September 20th, 2023 at 11:51 PM ^

US News and World Report school rankings are not the gold standard.  They are the McDonald's of school rankings.

Gold standard is The Times Higher Education World University Rankings or the QS World University Rankings.

These rankings take into account academic reputation, publications, references to publications, salary after graduation, etc. -- not all the tripe that is in the US News rankings.

In THE -- out of all universities in the world -- Michigan is 23, Notre Dame is 201, Georgetown is 136, UVA is 156.

Around Michigan are:
20, Cornell
21, UCLA
22, UCL (University College London)
23, Michigan
24, NYU
25, Duke

The top 10:
Oxford
Harvard
Cambridge
Stanford
MIT
Caltech
Princeton
Berkeley
Yale
Imperial College London
 

RickSnow

September 21st, 2023 at 1:02 AM ^

There is also a massive difference in student quality at UM based on whether you’re in-state or out-of-state. In-state acceptance rates are still around 40%, so your slightly above average moron nephew from Port Huron is still able to get in. Out-of-state acceptance rates, on the other hand, are around 10% or lower, putting it on par with the very best schools in the country. 

NittanyFan

September 21st, 2023 at 1:10 AM ^

Not false, but is that a negative?

I'm no longer a Michigan tax-payer, but I am a native.  

And IMO the University of Michigan's mission 100% should be more tilted toward educating 2nd-tier students who are actually from the state, versus educating 1st-tier students who are from the Northeast and Chicago.  
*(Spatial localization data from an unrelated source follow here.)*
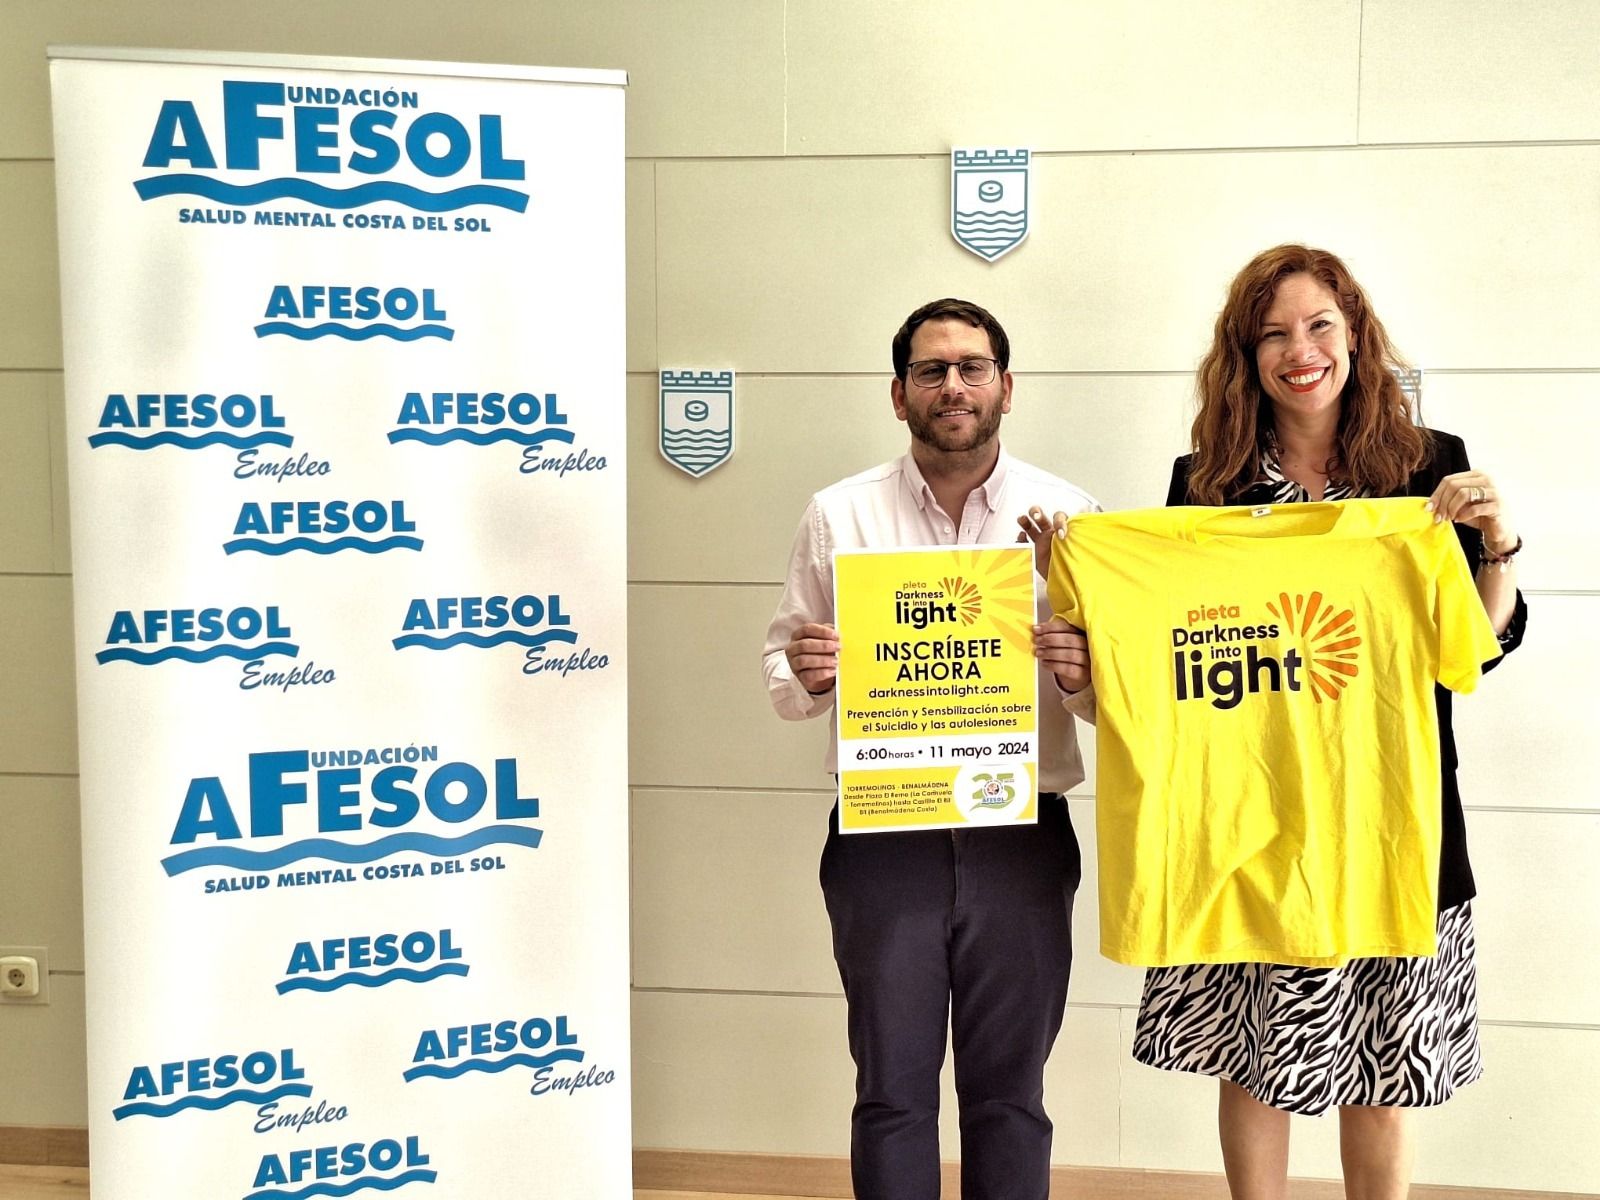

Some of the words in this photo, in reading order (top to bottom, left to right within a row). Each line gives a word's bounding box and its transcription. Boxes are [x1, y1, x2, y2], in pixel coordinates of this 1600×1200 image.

[142, 80, 525, 181] AFESOL
[179, 208, 247, 226] SALUD
[254, 211, 336, 228] MENTAL
[343, 214, 406, 230] COSTA
[413, 216, 448, 232] DEL
[454, 217, 491, 233] SOL
[265, 285, 447, 322] AFESOL
[98, 394, 286, 429] AFESOL
[397, 393, 568, 426] AFESOL
[234, 448, 331, 482] Empleo
[520, 445, 608, 478] Empleo
[233, 500, 416, 535] AFESOL
[896, 590, 944, 600] Darkness
[106, 606, 291, 644] AFESOL
[402, 594, 571, 631] AFESOL
[896, 601, 956, 630] light
[1187, 604, 1240, 627] pieta
[876, 635, 1002, 662] INSCRÍBETE
[1172, 623, 1280, 647] Darkness
[522, 646, 609, 678] Empleo
[1210, 646, 1241, 659] into
[240, 659, 336, 692] Empleo
[896, 661, 982, 682] AHORA
[1174, 645, 1302, 710] light
[869, 684, 1010, 699] darknessintolight.com
[847, 706, 909, 719] Prevención
[912, 709, 919, 718] y
[1001, 703, 1032, 714] sobre
[862, 723, 872, 732] el
[875, 721, 918, 732] Suicidio
[921, 723, 928, 732] y
[930, 721, 946, 730] las
[949, 718, 1017, 729] autolesiones
[929, 745, 943, 758] 11
[951, 745, 992, 760] mayo
[998, 742, 1030, 756] 2024
[170, 750, 539, 844] AFESOL
[204, 877, 270, 894] SALUD
[277, 868, 356, 888] MENTAL
[363, 863, 424, 881] COSTA
[430, 859, 465, 876] DEL
[470, 855, 506, 872] SOL
[286, 929, 463, 975] AFESOL
[412, 1016, 578, 1063] AFESOL
[123, 1048, 305, 1100] AFESOL
[530, 1065, 616, 1096] Empleo
[254, 1101, 348, 1134] Empleo
[252, 1135, 430, 1188] AFESOL
If that costs U-M a few points in UNSWR (an otherwise irrelevant magazine)'s University measurement competition, such is.

Grampy

September 21st, 2023 at 7:54 AM ^

From the university:

"In 1960, state support accounted for 78 percent of the UM-Ann Arbor General Fund budget. It has dropped to 13% of the General Fund budget in 2023. U-M experienced significant baseline declines in state support in fiscal years 2004-2006, and again in fiscal years 2010 and 2011."

I'm not sure what it takes to be a 'public' school, but Michigan's future has become one of tuition/endowment/research funding (not that the 13% hurts, mind you), so it seems reasonable that the migrated from servicing in-state students to finding a balance between higher income out-of-state kids and the local kids.  It looks like, all other things being equal, they do favor in-state applicants.

RickSnow

September 21st, 2023 at 11:18 AM ^

I don’t disagree that, as a public university, UM should cater more to students from the state. But it definitely affects the rankings and the quality of the student population when compared to a Berkeley or UCLA where it’s super hard to get in even for in-state students.  

NittanyFan

September 21st, 2023 at 1:34 AM ^

I know most folks are talking about U-M, but on a tangent and at the risk of getting a bit political .......... it bothers me how these rankings tend to propagate the idea of "pedigree, pedigree, pedigree" among particular private schools.

Let's take US Supreme Court Justices.  There have been 116 of them.  

Eight of the 9 current Justices graduated from one of 2 law schools (Harvard & Yale).  89% of our current Justices have graduated from one of 2 schools! 

And then the 4 most recent Justices to leave the Court.  3 (Breyer, Kennedy, Scalia) of them also graduated from those same 2 schools.  And the 4th (Ginsburg) attended Harvard before leaving for Columbia (because of a sexist Harvard law dean), and graduating from there.

Is this really good for us in the long-run?  Nearly everybody, in a country of 330MM and a couple hundred law schools, all coming from the same 2 places?  I get it, those are top schools.  But pedigree is not always a good proxy for quality.